**Saved data entries**
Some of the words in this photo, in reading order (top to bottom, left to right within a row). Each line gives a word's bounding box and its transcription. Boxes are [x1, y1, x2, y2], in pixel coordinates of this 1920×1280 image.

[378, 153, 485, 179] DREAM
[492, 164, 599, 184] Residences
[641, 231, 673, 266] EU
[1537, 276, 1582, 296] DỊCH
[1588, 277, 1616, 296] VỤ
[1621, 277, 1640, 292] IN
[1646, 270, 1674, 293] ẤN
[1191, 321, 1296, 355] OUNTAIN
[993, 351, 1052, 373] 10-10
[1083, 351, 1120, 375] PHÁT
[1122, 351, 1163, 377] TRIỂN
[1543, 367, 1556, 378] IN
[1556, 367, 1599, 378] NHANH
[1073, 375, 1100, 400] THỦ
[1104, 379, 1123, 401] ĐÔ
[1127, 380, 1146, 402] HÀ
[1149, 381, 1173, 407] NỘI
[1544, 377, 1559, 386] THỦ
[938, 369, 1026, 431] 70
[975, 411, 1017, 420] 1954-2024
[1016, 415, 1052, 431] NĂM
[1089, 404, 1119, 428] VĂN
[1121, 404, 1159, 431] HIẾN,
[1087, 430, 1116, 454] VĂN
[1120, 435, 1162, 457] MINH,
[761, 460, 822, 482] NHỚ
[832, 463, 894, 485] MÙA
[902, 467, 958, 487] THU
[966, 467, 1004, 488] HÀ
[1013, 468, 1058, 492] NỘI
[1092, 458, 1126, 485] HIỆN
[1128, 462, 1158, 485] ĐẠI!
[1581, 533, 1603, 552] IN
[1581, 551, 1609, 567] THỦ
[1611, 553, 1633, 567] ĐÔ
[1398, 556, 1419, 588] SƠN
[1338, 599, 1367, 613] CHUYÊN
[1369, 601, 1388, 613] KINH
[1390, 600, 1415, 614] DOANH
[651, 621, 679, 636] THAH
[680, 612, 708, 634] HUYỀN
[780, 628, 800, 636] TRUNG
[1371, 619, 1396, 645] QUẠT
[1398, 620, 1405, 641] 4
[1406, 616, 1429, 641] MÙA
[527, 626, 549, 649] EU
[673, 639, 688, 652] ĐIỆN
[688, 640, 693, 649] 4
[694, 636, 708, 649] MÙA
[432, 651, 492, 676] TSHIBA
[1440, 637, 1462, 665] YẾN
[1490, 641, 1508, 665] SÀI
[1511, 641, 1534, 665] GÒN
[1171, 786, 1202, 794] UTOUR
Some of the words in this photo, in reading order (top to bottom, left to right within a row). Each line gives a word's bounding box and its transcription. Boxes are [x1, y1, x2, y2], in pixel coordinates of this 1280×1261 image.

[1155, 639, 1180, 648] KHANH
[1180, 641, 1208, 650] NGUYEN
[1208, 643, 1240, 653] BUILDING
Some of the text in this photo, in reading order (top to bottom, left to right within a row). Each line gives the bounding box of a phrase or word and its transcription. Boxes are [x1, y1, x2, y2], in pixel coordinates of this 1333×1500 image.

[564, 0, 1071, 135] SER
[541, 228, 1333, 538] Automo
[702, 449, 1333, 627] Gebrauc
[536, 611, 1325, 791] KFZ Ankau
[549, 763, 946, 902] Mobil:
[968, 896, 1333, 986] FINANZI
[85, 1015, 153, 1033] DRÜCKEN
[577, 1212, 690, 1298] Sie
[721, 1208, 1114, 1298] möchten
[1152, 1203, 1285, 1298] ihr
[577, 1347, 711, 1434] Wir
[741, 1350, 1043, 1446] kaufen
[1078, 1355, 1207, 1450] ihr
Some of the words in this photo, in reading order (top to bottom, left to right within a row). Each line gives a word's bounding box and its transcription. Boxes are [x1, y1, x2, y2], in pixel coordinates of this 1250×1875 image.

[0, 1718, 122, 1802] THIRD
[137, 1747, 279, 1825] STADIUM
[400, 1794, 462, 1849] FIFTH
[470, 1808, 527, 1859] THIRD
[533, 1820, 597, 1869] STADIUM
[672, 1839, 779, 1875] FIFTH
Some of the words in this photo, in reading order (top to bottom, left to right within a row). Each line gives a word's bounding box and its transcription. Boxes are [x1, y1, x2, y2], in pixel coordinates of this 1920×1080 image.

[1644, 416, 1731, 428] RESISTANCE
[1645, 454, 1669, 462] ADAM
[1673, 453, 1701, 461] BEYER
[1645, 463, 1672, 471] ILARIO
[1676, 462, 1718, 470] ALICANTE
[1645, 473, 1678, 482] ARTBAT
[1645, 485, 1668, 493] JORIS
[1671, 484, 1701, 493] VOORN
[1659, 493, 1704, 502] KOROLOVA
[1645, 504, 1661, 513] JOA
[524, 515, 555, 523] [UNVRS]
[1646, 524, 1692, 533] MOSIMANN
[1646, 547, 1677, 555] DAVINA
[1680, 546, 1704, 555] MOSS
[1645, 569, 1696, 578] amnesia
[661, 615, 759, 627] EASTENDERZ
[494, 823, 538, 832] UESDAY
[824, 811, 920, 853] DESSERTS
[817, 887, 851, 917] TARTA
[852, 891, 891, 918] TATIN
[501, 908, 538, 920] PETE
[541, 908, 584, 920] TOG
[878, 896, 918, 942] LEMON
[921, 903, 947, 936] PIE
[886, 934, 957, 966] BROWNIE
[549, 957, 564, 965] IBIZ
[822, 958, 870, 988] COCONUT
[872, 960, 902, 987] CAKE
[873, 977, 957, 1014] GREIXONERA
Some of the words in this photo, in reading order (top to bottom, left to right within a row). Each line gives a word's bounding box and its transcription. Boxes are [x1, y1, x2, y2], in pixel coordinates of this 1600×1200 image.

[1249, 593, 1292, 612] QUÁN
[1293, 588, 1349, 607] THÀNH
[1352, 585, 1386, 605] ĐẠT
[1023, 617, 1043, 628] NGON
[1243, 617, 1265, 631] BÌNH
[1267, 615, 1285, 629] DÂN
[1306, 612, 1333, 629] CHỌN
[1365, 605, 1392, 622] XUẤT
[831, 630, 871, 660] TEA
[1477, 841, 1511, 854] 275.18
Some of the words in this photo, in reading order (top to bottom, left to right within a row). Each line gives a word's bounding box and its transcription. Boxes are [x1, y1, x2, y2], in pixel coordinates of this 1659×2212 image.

**Description of the task**
Output all of the data without altering a single line.

**Written solution**
Some of the words in this photo, in reading order (top to bottom, left to right within a row). Each line gives a word's bounding box and its transcription. Boxes are [x1, y1, x2, y2], in pixel coordinates of this 1920×1280 image.

[378, 153, 485, 179] DREAM
[492, 164, 599, 184] Residences
[641, 231, 673, 266] EU
[1537, 276, 1582, 296] DỊCH
[1588, 277, 1616, 296] VỤ
[1621, 277, 1640, 292] IN
[1646, 270, 1674, 293] ẤN
[1191, 321, 1296, 355] OUNTAIN
[993, 351, 1052, 373] 10-10
[1083, 351, 1120, 375] PHÁT
[1122, 351, 1163, 377] TRIỂN
[1543, 367, 1556, 378] IN
[1556, 367, 1599, 378] NHANH
[1073, 375, 1100, 400] THỦ
[1104, 379, 1123, 401] ĐÔ
[1127, 380, 1146, 402] HÀ
[1149, 381, 1173, 407] NỘI
[1544, 377, 1559, 386] THỦ
[938, 369, 1026, 431] 70
[975, 411, 1017, 420] 1954-2024
[1016, 415, 1052, 431] NĂM
[1089, 404, 1119, 428] VĂN
[1121, 404, 1159, 431] HIẾN,
[1087, 430, 1116, 454] VĂN
[1120, 435, 1162, 457] MINH,
[761, 460, 822, 482] NHỚ
[832, 463, 894, 485] MÙA
[902, 467, 958, 487] THU
[966, 467, 1004, 488] HÀ
[1013, 468, 1058, 492] NỘI
[1092, 458, 1126, 485] HIỆN
[1128, 462, 1158, 485] ĐẠI!
[1581, 533, 1603, 552] IN
[1581, 551, 1609, 567] THỦ
[1611, 553, 1633, 567] ĐÔ
[1398, 556, 1419, 588] SƠN
[1338, 599, 1367, 613] CHUYÊN
[1369, 601, 1388, 613] KINH
[1390, 600, 1415, 614] DOANH
[651, 621, 679, 636] THAH
[680, 612, 708, 634] HUYỀN
[780, 628, 800, 636] TRUNG
[1371, 619, 1396, 645] QUẠT
[1398, 620, 1405, 641] 4
[1406, 616, 1429, 641] MÙA
[527, 626, 549, 649] EU
[673, 639, 688, 652] ĐIỆN
[688, 640, 693, 649] 4
[694, 636, 708, 649] MÙA
[432, 651, 492, 676] TSHIBA
[1440, 637, 1462, 665] YẾN
[1490, 641, 1508, 665] SÀI
[1511, 641, 1534, 665] GÒN
[1171, 786, 1202, 794] UTOUR
Some of the words in this photo, in reading order (top to bottom, left to right within a row). Each line gives a word's bounding box and its transcription. Boxes are [x1, y1, x2, y2], in pixel coordinates of this 1280×1261 image.

[1155, 639, 1180, 648] KHANH
[1180, 641, 1208, 650] NGUYEN
[1208, 643, 1240, 653] BUILDING
Some of the text in this photo, in reading order (top to bottom, left to right within a row). Each line gives the bounding box of a phrase or word and its transcription. Boxes are [x1, y1, x2, y2], in pixel coordinates of this 1333×1500 image.

[564, 0, 1071, 135] SER
[541, 228, 1333, 538] Automo
[702, 449, 1333, 627] Gebrauc
[536, 611, 1325, 791] KFZ Ankau
[549, 763, 946, 902] Mobil:
[968, 896, 1333, 986] FINANZI
[85, 1015, 153, 1033] DRÜCKEN
[577, 1212, 690, 1298] Sie
[721, 1208, 1114, 1298] möchten
[1152, 1203, 1285, 1298] ihr
[577, 1347, 711, 1434] Wir
[741, 1350, 1043, 1446] kaufen
[1078, 1355, 1207, 1450] ihr
Some of the words in this photo, in reading order (top to bottom, left to right within a row). Each line gives a word's bounding box and its transcription. Boxes are [x1, y1, x2, y2], in pixel coordinates of this 1250×1875 image.

[0, 1718, 122, 1802] THIRD
[137, 1747, 279, 1825] STADIUM
[400, 1794, 462, 1849] FIFTH
[470, 1808, 527, 1859] THIRD
[533, 1820, 597, 1869] STADIUM
[672, 1839, 779, 1875] FIFTH
Some of the words in this photo, in reading order (top to bottom, left to right within a row). Each line gives a word's bounding box and its transcription. Boxes are [x1, y1, x2, y2], in pixel coordinates of this 1920×1080 image.

[1644, 416, 1731, 428] RESISTANCE
[1645, 454, 1669, 462] ADAM
[1673, 453, 1701, 461] BEYER
[1645, 463, 1672, 471] ILARIO
[1676, 462, 1718, 470] ALICANTE
[1645, 473, 1678, 482] ARTBAT
[1645, 485, 1668, 493] JORIS
[1671, 484, 1701, 493] VOORN
[1659, 493, 1704, 502] KOROLOVA
[1645, 504, 1661, 513] JOA
[524, 515, 555, 523] [UNVRS]
[1646, 524, 1692, 533] MOSIMANN
[1646, 547, 1677, 555] DAVINA
[1680, 546, 1704, 555] MOSS
[1645, 569, 1696, 578] amnesia
[661, 615, 759, 627] EASTENDERZ
[494, 823, 538, 832] UESDAY
[824, 811, 920, 853] DESSERTS
[817, 887, 851, 917] TARTA
[852, 891, 891, 918] TATIN
[501, 908, 538, 920] PETE
[541, 908, 584, 920] TOG
[878, 896, 918, 942] LEMON
[921, 903, 947, 936] PIE
[886, 934, 957, 966] BROWNIE
[549, 957, 564, 965] IBIZ
[822, 958, 870, 988] COCONUT
[872, 960, 902, 987] CAKE
[873, 977, 957, 1014] GREIXONERA
Some of the words in this photo, in reading order (top to bottom, left to right within a row). Each line gives a word's bounding box and its transcription. Boxes are [x1, y1, x2, y2], in pixel coordinates of this 1600×1200 image.

[1249, 593, 1292, 612] QUÁN
[1293, 588, 1349, 607] THÀNH
[1352, 585, 1386, 605] ĐẠT
[1023, 617, 1043, 628] NGON
[1243, 617, 1265, 631] BÌNH
[1267, 615, 1285, 629] DÂN
[1306, 612, 1333, 629] CHỌN
[1365, 605, 1392, 622] XUẤT
[831, 630, 871, 660] TEA
[1477, 841, 1511, 854] 275.18
Some of the words in this photo, in reading order (top to bottom, left to right within a row). Each line gives a word's bounding box and its transcription. Boxes are [x1, y1, x2, y2], in pixel coordinates of this 1659×2212 image.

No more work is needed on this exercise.